((

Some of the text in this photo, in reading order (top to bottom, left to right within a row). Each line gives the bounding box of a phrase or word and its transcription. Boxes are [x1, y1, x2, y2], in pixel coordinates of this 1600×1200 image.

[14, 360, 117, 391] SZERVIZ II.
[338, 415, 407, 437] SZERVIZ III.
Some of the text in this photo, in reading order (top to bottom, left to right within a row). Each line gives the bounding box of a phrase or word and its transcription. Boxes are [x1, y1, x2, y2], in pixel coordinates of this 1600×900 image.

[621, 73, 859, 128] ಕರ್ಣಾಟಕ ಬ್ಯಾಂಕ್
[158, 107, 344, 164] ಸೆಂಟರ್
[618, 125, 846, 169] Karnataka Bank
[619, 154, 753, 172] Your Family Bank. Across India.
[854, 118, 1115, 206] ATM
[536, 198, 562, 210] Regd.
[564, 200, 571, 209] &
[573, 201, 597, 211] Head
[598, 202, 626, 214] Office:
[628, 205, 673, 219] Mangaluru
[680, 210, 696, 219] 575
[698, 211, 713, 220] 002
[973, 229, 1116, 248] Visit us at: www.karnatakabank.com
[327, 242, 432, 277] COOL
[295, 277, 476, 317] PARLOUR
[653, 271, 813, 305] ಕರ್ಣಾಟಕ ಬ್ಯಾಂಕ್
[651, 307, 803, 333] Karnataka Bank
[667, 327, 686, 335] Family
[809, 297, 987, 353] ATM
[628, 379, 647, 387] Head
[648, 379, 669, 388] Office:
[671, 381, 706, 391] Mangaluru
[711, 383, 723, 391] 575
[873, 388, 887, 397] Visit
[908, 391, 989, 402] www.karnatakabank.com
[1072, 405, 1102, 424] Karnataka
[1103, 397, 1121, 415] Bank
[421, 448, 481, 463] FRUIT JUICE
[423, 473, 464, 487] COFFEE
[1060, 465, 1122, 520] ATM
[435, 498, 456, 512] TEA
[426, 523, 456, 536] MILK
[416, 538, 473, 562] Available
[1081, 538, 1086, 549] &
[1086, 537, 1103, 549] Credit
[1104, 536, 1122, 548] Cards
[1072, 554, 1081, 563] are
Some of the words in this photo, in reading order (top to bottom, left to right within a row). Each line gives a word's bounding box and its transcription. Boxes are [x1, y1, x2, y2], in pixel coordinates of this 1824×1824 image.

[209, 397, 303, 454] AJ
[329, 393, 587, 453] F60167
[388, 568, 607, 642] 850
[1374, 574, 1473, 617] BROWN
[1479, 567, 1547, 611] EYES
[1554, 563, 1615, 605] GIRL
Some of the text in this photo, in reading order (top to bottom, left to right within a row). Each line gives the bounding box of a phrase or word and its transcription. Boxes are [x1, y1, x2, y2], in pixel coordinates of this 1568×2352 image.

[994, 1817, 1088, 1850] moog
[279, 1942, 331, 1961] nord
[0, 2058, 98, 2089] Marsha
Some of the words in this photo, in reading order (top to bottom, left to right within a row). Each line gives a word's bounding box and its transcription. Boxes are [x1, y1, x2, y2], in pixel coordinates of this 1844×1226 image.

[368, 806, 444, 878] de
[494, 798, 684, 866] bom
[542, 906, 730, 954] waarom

))

## Activity
Send back, unchanged, every line of the records from the one with "this 1568×2352 image." through the last.

## Exercise result
Some of the text in this photo, in reading order (top to bottom, left to right within a row). Each line gives the bounding box of a phrase or word and its transcription. Boxes are [x1, y1, x2, y2], in pixel coordinates of this 1568×2352 image.

[994, 1817, 1088, 1850] moog
[279, 1942, 331, 1961] nord
[0, 2058, 98, 2089] Marsha
Some of the words in this photo, in reading order (top to bottom, left to right within a row). Each line gives a word's bounding box and its transcription. Boxes are [x1, y1, x2, y2], in pixel coordinates of this 1844×1226 image.

[368, 806, 444, 878] de
[494, 798, 684, 866] bom
[542, 906, 730, 954] waarom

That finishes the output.